Efficacy of Corticosteroids in Non-Intensive Care Unit Patients with COVID-19 Pneumonia from the New York Metropolitan region

2020 
Introduction: The role of systemic corticosteroid as a therapeutic agent for patients with COVID 19 pneumonia is controversial. Objective: The purpose of this study was to evaluate the effect of corticosteroids in non-intensive care unit (ICU) patients with COVID 19 pneumonia complicated by acute hypoxemic respiratory failure (AHRF). Methods: This was a single-center retrospective cohort study, from the 16th March, 2020 to 30th April, 2020; final follow up on 10th May, 2020. 265 patients consecutively admitted to the non ICU wards with laboratory confirmed COVID 19 pneumonia were screened for inclusion. 205 patients who developed AHRF (SpO2/FiO2 <= 440 or PaO2/FiO2 <= 300) were only included in the final study.
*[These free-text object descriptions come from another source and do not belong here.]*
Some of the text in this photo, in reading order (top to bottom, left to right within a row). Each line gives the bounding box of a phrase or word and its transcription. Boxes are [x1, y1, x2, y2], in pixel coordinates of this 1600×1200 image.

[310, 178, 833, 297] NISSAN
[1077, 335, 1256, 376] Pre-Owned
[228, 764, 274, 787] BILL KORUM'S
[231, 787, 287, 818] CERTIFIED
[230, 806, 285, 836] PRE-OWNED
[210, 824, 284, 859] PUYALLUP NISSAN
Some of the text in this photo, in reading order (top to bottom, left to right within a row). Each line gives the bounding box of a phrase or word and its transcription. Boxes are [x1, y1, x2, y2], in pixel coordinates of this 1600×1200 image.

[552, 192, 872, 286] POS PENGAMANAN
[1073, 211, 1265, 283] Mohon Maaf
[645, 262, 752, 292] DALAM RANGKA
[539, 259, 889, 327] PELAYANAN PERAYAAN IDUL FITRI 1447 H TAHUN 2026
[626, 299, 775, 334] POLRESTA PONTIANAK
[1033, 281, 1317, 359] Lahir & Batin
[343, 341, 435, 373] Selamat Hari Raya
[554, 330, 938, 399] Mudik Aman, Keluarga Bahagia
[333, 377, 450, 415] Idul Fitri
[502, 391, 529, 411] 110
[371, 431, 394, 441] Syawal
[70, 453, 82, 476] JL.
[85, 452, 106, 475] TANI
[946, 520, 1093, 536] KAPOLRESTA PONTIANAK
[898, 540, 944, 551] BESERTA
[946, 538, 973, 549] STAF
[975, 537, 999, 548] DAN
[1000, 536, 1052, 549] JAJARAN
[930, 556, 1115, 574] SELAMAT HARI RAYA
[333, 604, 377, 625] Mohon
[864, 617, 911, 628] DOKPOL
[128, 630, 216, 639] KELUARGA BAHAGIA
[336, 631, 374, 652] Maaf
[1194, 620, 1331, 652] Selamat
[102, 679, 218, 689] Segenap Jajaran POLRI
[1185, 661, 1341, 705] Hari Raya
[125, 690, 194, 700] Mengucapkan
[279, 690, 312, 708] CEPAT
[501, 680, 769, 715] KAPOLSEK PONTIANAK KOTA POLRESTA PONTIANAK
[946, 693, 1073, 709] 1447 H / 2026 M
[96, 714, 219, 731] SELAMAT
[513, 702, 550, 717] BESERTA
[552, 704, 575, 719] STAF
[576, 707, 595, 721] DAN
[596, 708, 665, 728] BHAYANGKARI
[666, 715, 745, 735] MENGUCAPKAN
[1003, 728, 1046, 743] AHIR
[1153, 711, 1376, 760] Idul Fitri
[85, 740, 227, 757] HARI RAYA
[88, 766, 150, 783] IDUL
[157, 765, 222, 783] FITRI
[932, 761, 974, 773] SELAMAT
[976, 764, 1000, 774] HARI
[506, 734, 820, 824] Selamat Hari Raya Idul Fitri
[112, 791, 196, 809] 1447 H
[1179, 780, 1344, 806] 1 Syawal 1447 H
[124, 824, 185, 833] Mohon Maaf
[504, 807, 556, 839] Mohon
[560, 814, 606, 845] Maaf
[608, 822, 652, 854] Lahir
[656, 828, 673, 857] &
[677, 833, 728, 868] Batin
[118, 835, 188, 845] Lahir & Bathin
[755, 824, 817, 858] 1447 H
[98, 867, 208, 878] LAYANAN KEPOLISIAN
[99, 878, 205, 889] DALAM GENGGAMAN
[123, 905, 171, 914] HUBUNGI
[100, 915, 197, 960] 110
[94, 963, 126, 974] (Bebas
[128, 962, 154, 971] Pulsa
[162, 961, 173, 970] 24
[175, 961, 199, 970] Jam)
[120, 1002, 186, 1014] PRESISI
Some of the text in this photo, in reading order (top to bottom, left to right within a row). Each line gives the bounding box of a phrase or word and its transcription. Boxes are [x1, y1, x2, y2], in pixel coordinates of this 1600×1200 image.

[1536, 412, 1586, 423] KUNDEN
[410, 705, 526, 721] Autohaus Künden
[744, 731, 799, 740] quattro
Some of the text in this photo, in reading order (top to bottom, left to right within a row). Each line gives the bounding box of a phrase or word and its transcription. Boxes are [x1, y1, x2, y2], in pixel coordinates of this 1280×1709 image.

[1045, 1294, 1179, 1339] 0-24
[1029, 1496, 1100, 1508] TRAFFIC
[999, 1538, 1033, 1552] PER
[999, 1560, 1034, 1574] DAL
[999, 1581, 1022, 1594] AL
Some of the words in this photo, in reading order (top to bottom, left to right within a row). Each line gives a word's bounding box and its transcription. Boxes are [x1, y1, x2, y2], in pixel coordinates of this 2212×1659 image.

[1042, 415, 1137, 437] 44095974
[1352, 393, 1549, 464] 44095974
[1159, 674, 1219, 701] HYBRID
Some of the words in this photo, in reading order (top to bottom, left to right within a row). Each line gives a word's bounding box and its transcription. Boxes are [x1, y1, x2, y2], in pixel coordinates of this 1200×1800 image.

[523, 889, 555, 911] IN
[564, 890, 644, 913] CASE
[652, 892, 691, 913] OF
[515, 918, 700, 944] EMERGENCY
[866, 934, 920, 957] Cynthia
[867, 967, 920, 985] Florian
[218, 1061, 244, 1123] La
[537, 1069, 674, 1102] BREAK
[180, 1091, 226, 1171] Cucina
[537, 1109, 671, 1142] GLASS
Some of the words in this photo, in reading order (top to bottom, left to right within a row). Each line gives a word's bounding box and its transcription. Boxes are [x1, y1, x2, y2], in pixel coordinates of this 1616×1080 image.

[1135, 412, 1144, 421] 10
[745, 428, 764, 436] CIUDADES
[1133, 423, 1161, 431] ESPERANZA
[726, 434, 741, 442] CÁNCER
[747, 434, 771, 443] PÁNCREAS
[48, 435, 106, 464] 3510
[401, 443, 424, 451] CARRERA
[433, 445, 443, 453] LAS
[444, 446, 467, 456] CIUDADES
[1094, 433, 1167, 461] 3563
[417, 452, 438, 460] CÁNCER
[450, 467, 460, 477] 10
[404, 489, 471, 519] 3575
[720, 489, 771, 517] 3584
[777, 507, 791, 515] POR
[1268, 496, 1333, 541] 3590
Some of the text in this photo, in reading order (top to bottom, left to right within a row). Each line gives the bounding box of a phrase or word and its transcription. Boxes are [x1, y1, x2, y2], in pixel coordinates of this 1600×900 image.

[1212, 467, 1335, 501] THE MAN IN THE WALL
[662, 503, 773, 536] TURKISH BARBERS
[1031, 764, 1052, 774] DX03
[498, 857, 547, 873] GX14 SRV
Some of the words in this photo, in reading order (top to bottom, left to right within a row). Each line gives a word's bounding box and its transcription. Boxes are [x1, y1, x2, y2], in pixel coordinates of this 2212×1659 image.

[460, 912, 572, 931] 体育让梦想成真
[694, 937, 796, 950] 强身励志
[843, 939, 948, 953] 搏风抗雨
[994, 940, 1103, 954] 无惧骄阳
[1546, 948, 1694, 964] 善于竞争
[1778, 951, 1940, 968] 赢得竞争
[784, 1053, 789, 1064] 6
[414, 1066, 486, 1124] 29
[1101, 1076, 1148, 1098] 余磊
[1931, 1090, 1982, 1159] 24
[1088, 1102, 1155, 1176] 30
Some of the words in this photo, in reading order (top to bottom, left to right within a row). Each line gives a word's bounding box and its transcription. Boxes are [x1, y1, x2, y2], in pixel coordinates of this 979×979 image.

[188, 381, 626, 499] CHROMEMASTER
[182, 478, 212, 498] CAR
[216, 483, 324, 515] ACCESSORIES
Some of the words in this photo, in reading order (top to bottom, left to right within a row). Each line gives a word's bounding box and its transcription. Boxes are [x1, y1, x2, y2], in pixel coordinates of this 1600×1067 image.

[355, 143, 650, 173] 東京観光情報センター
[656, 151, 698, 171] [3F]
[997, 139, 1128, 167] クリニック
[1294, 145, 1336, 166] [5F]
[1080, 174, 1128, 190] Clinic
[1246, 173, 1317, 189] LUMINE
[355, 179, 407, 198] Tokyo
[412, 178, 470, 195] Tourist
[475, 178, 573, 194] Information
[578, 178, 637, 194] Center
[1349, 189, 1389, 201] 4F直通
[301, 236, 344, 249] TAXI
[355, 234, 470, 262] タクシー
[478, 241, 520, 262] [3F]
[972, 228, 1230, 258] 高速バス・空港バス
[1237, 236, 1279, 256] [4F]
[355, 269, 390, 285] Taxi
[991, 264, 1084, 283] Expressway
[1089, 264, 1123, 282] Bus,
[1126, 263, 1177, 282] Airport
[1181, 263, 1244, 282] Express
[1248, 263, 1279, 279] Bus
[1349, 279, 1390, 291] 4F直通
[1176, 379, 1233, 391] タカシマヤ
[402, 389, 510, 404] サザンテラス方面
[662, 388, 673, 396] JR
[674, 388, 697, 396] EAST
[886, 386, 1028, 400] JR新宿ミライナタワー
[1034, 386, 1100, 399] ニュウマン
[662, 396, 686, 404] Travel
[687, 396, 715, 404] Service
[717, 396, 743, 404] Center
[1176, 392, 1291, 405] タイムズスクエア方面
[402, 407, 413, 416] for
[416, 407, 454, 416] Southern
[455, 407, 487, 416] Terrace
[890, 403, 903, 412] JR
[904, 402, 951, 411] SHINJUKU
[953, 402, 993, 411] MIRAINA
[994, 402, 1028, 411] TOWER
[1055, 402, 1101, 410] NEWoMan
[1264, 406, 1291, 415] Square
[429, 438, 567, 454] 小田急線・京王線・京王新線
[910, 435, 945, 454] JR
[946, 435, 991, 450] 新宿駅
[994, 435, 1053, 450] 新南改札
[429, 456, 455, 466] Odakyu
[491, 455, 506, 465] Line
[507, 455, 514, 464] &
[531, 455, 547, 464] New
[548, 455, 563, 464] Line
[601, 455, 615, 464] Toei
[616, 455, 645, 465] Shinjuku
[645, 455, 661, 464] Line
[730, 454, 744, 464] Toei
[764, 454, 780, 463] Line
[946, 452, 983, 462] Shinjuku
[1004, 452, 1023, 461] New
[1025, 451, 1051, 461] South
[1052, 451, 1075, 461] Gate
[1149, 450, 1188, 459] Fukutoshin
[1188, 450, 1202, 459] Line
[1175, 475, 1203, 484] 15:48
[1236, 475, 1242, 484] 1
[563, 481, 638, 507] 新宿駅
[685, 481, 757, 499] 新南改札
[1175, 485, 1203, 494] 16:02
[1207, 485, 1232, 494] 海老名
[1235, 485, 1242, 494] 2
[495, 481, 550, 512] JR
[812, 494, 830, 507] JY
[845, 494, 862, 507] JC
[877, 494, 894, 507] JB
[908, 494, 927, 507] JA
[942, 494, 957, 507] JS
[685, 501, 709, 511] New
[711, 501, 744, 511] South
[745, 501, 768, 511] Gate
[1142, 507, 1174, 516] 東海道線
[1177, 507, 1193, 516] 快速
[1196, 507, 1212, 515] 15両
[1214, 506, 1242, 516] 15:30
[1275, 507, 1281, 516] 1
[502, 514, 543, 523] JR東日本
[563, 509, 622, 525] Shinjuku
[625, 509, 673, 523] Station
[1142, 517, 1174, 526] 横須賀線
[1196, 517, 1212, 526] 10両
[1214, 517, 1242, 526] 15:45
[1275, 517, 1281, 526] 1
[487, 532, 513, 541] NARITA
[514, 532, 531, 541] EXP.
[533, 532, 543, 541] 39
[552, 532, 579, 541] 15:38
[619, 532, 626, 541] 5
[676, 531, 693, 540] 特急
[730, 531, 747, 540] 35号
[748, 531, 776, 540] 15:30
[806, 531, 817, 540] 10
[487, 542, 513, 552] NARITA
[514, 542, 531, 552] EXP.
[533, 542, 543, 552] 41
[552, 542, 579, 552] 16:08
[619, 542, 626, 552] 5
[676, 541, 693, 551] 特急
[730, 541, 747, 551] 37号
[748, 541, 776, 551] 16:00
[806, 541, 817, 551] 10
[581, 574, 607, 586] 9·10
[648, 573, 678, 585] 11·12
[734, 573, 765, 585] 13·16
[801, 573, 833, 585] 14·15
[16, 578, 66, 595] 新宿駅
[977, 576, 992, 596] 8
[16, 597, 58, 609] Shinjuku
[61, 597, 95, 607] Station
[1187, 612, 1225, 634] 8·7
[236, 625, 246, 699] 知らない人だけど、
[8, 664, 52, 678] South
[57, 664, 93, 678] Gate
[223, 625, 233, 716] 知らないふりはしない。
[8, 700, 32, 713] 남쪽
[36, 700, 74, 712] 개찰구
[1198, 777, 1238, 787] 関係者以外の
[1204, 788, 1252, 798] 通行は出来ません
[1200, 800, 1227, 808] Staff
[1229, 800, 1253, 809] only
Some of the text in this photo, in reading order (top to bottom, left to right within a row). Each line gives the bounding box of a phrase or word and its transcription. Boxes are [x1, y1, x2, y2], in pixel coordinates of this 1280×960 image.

Direct admission to the Intensive care unit (ICU), patients developing composite primary outcome within 24 hours of admission, and patients who never became hypoxic during their stay in the hospital were excluded. Patients divided into two cohort based on corticosteroid. The primary outcome was a composite of ICU transfer, intubation, or in-hospital mortality. Secondary outcomes were ICU transfer, intubation, in hospital mortality, discharge, length of stay, and daily trend of SpO2/FiO2 (SF) ratio from the index date. Cox proportional hazard regression was implemented to analyze the time to event outcomes. Result: Among 205 patients, 60 (29.27%) were treated with corticosteroid. The mean age was ~57 years, and ~75% were men. Thirteen patients (22.41%) developed a primary composite outcome in the corticosteroid cohort vs. 54 (37.5%) patients in the non-corticosteroid cohort (P=0.039). The adjusted hazard ratio (HR) for the development of the composite primary outcome was 0.15 (95% CI, 0.07 to 0.33; P <0.001). The adjusted hazard ratio for ICU transfer was 0.16 (95% CI, 0.07 to 0.34; P < 0.001), intubation was 0.31 (95% CI, 0.14 to 0.70; P= 0.005), death was 0.53 (95% CI, 0.22 to 1.31; P = 0.172), and discharge was 3.65 (95% CI, 2.20 to 6.06; P<0.001). The corticosteroid cohort had increasing SpO2/FiO2 over time compared to the non-corticosteroid cohort who experience decreasing SpO2/FiO2 over time. Conclusion: Among non ICU patients hospitalized with COVID 19 pneumonia complicated by AHRF, treatment with corticosteroid was associated with a significantly lower risk of the primary composite outcome of ICU transfer, intubation, or in hospital death.